Montreal bird watchers were treated to a rare spectacle at the city’s Technoparc

About two weeks ago, on a frosty Saturday morning, Joël Coutu was watching birds in Montreal with friends when they spotted something they had never seen before.

“We got closer and I knew immediately we were watching a rare bird,” he said.

Coutu is an avian behavior specialist, and working on a team of five, they identified the bird as a scissor-tailed flycatcher.

Usually found in the southern United States, Coutu said there were perhaps 20 recorded sightings in the province of Quebec and none previously in Montreal. But he was there, hovering in the Technoparc in the St-Laurent borough.
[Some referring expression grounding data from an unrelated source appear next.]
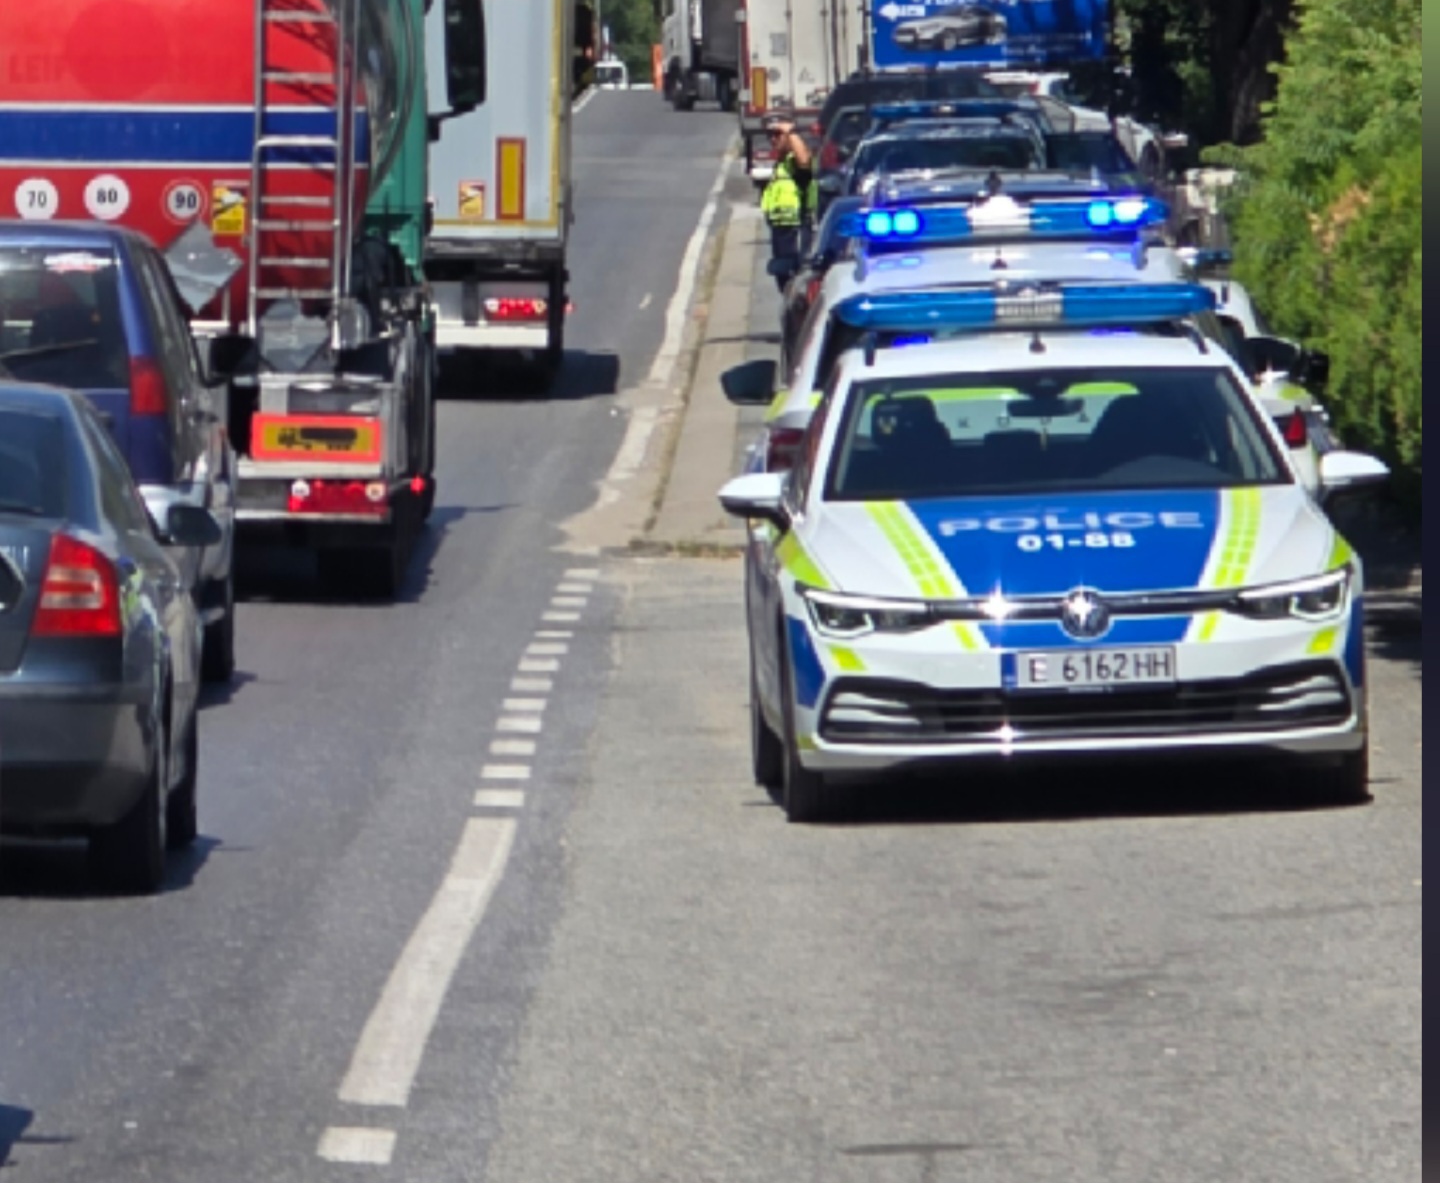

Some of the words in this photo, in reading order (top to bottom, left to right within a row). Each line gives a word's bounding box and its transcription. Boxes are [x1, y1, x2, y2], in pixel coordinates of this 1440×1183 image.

[27, 191, 47, 208] 70
[96, 188, 118, 204] 80
[175, 192, 197, 209] 90
[938, 512, 1205, 536] POLICE
[1028, 657, 1049, 683] E
[1062, 653, 1128, 682] 6162
[1134, 652, 1172, 678] HH
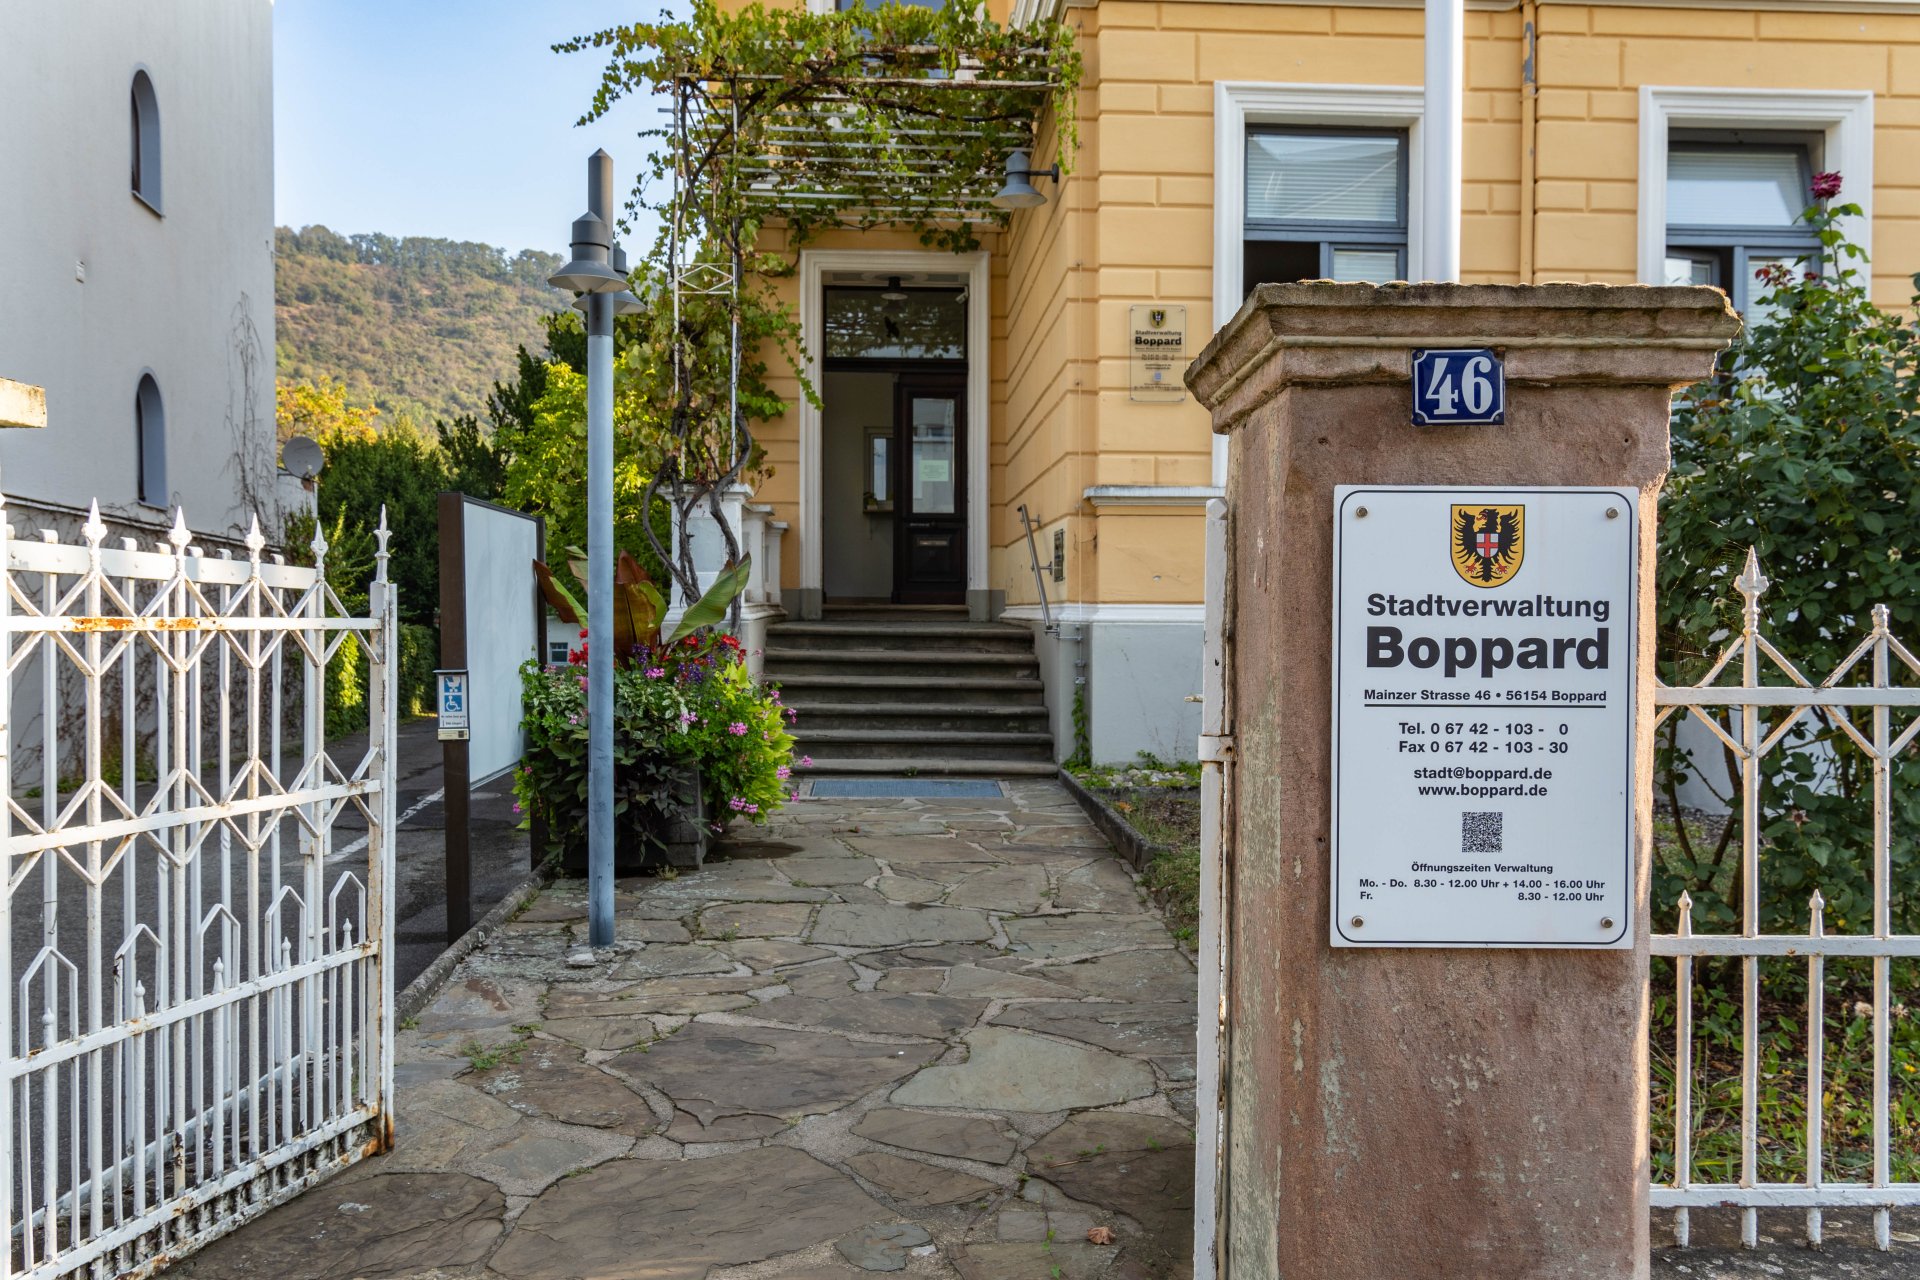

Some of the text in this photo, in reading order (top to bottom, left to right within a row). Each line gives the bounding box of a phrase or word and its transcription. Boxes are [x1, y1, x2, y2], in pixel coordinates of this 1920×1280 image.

[1135, 336, 1182, 347] Boppard
[1425, 356, 1493, 415] 46
[1367, 593, 1609, 622] Stadtverwaltung
[1367, 626, 1609, 678] Boppard
[1365, 690, 1606, 703] Mainzer Strasse 46 56154 Boppard
[1399, 723, 1425, 734] Tel.
[1431, 723, 1439, 734] 0
[1445, 723, 1463, 734] 67
[1469, 723, 1488, 734] 42
[1506, 723, 1534, 735] 103
[1559, 724, 1568, 735] 0
[1400, 741, 1425, 752] Fax
[1431, 741, 1439, 752] 0
[1445, 741, 1463, 752] 67
[1469, 742, 1487, 753] 42
[1506, 742, 1533, 753] 103
[1549, 742, 1568, 753] 30
[1414, 767, 1552, 781] stadt@boppard.de
[1418, 784, 1547, 798] www.boppard.de
[1412, 862, 1553, 874] Öffnungszeiten Verwaltung
[1360, 879, 1378, 887] Mo.
[1390, 879, 1407, 887] Do.
[1481, 880, 1499, 888] Uhr
[1513, 880, 1542, 888] 14.00
[1554, 880, 1582, 888] 16.00
[1586, 880, 1605, 888] Uhr
[1518, 892, 1541, 900] 8.30
[1553, 893, 1581, 901] 12.00
[1586, 893, 1604, 901] Uhr
For years, bird watchers flocked to the stretch of green space between Highways 40 and 20 to practice their hobby, but when it became known that the scissor-tailed flycatcher was in the area: “At one point Given, there were a hundred cars parked there. and it wasn’t to watch planes, it was to watch him, ”Coutu said.

“He’s a very popular guy.”

Coutu told CBC Let’s go which he named the bird Edward Scissorhands. But it looks like Money-Handed Mr. is lost, as they normally live in areas like Texas and head south, Mexico, or Central America for the winter.
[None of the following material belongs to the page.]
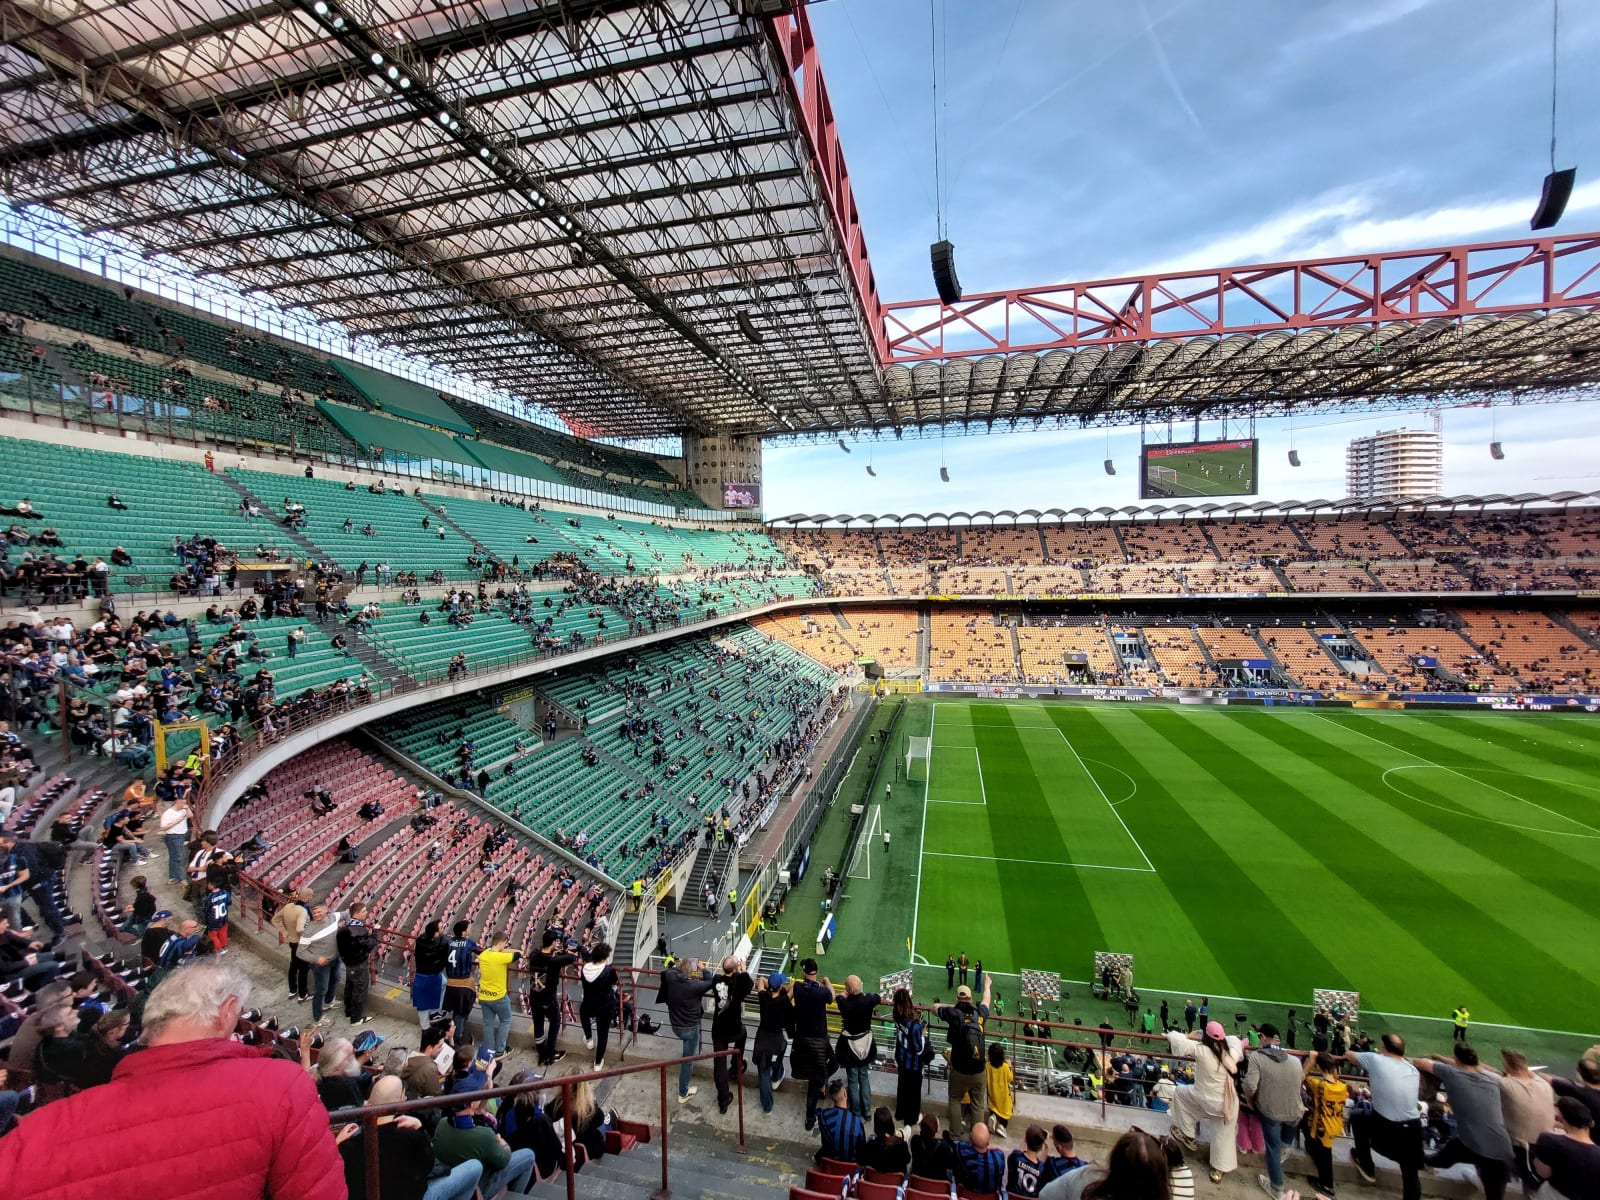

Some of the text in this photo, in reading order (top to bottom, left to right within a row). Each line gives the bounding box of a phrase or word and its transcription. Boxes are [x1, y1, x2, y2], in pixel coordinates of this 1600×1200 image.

[213, 902, 228, 919] 10
[448, 949, 457, 968] 4
[1017, 1168, 1038, 1193] 10
“Some birds will stray from the road,” Coutu said, and the bird may think it’s in the right place. “Unfortunately, this little flycatcher is going to have a hard time surviving for the next few weeks.”

Coutu said birds will travel with winds and prefer northerly winds when migrating. In spring, it is the other way around. But the mild weather, the rise of heavy storms and natural disasters, will have an impact on the birds.

“I think we will see more and more southern birds appearing in the southern states in the future,” he said.

The bird probably won’t survive the winter

As a bird watcher, Coutu said it was exciting to see a rare bird. In the morning, when it was cold and there were no insects, the flycatcher was not very active. But when it warmed up, bird watchers were treated to a spectacle as the bird began to show its feathers and search for food.

Coutu said the bird is unlikely to survive once the cold weather sets in and there are no more bugs to eat.

Saving the bird would take a lot of time, money and effort, Coutu said. And then there’s the matter of the bird’s shipment, he said.

Small birds like this are fragile, he said. The flycatcher would likely not survive capture and transport, he said. If it was an endangered animal, there could be more effort to save the bird, Coutu said.

It’s not uncommon for birds to get lost, he says.

“Lost birds are happening all over North America,” he said. “It’s something that happens all the time.”